Через месяц после того, как меня привезли в дом под Омахой, Джозеф в первый раз наведался в мою спальню. Сначала просто хотел посмотреть на то, на что, по моему мнению, глядеть не имел никакого права. Потом стал трогать, хотя мне это совсем не нравилось. Когда я сказала, что не хочу раздеваться, торопливо раздевавшийся Джозеф, стараясь говорить ласковым тоном, ответил:
– Не будь дурочкой, Клэр. Я теперь твой папа, а папе на тебя смотреть можно.
Пришлось стянуть ночную рубашку, а Джозеф смотрел. Давно так не пугалась. С первого класса, когда Айви Дун подговорила меня вызывать призрак Кровавой Мэри из зеркала в ванной.
В первый месяц Мириам из своей комнаты выходила редко. Целый день ходила в одной и той же грязной ночной рубашке и не мылась, пока от нее не начинало вонять на весь дом. Со мной и сыновьями почти не разговаривала, общалась только с Джозефом, да и то лишь затем, чтобы попросить за что-то прощения. Бухалась на колени, рыдала, целовала его ноги и умоляла: «Джозеф, прости меня, пожалуйста». Джозеф отпихивал ее ногой и шел себе дальше. Говорил, что она жалкая, никчемная, омерзительная. Как-то, разъярившись, грозил, что выкинет в окно, и пусть ее бродячие собаки сожрут.
– Ну, что скажешь? – интересуется Луиза Флорес. Ждет, что объясню свое плохое поведение.
Джозеф говорил, что мне никто не поверит. Его слово будет против моего, и все решат, что я вру. И вообще, он не делает ничего такого, чего не должен делать хороший папа.
– Нет, – бормочу я.
Луиза Флорес закатывает глаза, захлопывает папку и велит:
– Ну давай, расскажи про эти… изнасилования.

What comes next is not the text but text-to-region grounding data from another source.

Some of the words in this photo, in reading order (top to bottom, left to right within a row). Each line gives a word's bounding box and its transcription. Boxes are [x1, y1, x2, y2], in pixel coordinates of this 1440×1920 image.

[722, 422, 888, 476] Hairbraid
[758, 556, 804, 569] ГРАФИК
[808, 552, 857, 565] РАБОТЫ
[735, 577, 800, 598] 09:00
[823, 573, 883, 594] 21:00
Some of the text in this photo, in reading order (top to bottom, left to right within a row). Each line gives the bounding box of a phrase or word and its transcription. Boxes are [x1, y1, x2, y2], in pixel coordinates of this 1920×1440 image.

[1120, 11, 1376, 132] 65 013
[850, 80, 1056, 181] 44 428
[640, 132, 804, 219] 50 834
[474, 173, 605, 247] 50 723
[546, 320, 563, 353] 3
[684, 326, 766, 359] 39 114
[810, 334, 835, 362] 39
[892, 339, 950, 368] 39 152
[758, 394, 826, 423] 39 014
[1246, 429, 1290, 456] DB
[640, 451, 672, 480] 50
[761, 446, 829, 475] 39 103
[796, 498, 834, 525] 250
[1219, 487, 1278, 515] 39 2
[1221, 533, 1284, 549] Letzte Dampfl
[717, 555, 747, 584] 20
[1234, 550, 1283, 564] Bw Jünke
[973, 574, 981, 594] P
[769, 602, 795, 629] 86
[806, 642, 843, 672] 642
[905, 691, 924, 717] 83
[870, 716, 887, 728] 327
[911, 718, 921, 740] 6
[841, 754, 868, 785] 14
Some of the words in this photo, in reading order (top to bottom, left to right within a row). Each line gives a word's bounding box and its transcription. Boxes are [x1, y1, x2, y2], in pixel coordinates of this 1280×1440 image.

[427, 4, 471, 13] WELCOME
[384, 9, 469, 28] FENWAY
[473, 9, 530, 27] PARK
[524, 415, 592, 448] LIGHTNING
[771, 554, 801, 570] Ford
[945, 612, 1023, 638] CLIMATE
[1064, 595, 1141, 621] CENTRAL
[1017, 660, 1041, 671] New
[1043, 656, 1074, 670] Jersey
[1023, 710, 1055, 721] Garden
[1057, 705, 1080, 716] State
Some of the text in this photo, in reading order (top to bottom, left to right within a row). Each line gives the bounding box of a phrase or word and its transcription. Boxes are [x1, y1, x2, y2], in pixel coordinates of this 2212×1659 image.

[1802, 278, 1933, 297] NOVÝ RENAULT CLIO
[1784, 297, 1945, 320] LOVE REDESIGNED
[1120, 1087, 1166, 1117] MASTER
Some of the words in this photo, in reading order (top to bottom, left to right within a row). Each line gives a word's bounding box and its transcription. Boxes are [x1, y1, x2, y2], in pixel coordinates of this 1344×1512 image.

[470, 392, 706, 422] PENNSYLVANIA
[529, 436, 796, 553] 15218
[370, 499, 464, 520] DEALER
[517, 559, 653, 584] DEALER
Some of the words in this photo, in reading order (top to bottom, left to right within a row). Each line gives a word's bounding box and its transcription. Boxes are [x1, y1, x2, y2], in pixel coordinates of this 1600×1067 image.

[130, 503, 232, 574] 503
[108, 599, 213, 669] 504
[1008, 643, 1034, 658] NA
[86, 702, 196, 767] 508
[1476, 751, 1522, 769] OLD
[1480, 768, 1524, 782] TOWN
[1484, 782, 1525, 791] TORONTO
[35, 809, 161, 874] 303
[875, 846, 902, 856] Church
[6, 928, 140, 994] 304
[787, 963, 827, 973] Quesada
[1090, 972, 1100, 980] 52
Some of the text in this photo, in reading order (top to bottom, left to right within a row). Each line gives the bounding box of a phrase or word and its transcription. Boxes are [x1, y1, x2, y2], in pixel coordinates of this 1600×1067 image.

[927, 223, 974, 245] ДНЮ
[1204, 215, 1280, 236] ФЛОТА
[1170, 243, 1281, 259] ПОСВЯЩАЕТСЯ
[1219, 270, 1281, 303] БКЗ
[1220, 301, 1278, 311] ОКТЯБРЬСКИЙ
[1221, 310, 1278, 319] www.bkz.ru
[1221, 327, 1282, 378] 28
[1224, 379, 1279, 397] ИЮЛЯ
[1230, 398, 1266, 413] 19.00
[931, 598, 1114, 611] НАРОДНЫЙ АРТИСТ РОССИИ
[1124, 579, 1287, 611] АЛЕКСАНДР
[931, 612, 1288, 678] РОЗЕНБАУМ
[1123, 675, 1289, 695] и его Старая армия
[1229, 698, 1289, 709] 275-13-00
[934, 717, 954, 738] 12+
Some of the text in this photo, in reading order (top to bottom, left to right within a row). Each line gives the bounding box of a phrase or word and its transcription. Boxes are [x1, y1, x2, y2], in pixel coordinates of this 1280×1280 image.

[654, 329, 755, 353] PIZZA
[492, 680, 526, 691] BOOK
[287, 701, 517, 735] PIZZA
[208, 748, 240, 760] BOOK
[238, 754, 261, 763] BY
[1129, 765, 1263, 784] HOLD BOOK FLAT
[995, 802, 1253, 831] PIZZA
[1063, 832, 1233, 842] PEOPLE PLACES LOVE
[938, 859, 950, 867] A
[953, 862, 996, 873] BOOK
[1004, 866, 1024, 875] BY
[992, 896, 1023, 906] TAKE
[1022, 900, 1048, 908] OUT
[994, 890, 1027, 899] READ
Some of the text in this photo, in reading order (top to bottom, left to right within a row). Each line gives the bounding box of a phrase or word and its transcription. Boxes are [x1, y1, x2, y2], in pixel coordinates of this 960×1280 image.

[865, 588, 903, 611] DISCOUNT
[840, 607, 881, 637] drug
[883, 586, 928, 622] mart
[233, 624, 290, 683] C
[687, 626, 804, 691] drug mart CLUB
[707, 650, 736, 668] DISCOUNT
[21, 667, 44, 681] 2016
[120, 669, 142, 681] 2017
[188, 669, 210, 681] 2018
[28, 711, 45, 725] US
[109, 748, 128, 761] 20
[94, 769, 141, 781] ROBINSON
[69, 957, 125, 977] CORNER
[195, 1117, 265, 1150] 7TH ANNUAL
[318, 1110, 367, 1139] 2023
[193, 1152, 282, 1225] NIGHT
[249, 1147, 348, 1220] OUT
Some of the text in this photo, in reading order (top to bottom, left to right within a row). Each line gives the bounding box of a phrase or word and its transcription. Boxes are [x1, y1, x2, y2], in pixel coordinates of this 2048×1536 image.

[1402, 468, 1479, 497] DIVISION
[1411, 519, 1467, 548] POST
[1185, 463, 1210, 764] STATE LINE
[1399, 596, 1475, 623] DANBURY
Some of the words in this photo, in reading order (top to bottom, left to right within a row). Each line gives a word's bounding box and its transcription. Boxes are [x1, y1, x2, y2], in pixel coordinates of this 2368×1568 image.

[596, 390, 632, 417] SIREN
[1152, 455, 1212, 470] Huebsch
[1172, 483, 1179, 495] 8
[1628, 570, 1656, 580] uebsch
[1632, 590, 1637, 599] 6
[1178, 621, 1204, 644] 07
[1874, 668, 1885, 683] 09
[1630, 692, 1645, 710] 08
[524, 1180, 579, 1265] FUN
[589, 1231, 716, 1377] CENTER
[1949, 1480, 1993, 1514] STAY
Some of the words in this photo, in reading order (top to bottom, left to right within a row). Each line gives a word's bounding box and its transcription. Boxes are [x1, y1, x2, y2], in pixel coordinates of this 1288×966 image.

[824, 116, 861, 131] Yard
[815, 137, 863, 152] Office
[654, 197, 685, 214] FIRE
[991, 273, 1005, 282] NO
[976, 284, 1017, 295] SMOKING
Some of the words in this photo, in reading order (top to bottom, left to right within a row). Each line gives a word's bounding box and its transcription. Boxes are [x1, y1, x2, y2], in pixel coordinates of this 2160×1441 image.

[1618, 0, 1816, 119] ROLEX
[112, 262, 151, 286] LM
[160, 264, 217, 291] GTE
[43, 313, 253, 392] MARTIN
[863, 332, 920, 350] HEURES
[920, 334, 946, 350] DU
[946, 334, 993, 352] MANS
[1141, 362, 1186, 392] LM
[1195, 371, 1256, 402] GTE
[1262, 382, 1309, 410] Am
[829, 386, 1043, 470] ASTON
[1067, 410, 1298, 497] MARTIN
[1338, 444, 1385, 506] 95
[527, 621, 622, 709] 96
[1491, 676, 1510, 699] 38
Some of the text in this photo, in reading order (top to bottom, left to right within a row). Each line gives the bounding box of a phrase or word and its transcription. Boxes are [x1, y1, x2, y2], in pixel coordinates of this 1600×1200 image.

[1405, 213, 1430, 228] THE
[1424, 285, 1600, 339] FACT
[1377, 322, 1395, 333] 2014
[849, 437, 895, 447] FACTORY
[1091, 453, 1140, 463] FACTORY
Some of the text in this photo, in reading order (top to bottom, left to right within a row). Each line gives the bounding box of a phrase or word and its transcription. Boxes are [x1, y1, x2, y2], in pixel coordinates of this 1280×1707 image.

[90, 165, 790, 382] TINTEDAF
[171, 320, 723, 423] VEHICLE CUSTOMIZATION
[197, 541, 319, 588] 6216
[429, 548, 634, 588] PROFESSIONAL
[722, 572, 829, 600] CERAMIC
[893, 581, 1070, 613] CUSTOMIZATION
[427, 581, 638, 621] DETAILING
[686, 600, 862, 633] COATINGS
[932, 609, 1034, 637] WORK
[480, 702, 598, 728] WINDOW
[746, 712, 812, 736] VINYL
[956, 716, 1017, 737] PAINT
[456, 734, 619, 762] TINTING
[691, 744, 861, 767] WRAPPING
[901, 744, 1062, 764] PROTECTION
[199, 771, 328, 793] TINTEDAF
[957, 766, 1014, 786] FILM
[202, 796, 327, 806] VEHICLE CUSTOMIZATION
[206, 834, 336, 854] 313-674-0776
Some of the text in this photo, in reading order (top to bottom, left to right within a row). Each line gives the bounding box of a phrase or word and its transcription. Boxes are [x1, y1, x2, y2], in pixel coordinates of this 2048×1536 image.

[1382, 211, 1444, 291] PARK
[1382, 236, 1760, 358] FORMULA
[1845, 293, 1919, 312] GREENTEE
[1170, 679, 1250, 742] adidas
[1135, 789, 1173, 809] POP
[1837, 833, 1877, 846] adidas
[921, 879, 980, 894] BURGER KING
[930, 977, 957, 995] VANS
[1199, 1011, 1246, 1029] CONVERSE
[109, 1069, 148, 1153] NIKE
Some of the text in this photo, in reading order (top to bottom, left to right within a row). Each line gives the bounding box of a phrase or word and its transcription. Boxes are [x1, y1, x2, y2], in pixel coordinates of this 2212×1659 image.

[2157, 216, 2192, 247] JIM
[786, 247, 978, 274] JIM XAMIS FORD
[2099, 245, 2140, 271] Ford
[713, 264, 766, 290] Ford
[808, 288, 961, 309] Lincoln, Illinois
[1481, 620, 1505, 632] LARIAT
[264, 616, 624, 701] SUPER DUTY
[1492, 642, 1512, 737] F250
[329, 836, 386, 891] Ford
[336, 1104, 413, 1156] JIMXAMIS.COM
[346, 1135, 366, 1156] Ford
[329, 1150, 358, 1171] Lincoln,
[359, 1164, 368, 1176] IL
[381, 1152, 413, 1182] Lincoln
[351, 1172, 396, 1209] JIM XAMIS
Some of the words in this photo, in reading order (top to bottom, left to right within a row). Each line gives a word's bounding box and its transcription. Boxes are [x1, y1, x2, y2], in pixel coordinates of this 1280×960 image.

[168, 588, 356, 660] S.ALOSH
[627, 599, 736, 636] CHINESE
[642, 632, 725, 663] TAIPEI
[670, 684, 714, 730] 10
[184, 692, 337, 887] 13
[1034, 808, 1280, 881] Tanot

Когда плохо себя вела, Джозеф в наказание сажал меня переписывать строчки из Библии, слово за словом, пока руку не сводило и мышцы не начинало жечь. Карандаш дрожал в пальцах. Так я узнала про финикийскую царицу Иезавель, которую выбросили из окна за то, что убила Божьего пророка. Кровь ее забрызгала стену, ее растоптали всадники и растерзали собаки. Остались только череп, ноги и кисти рук.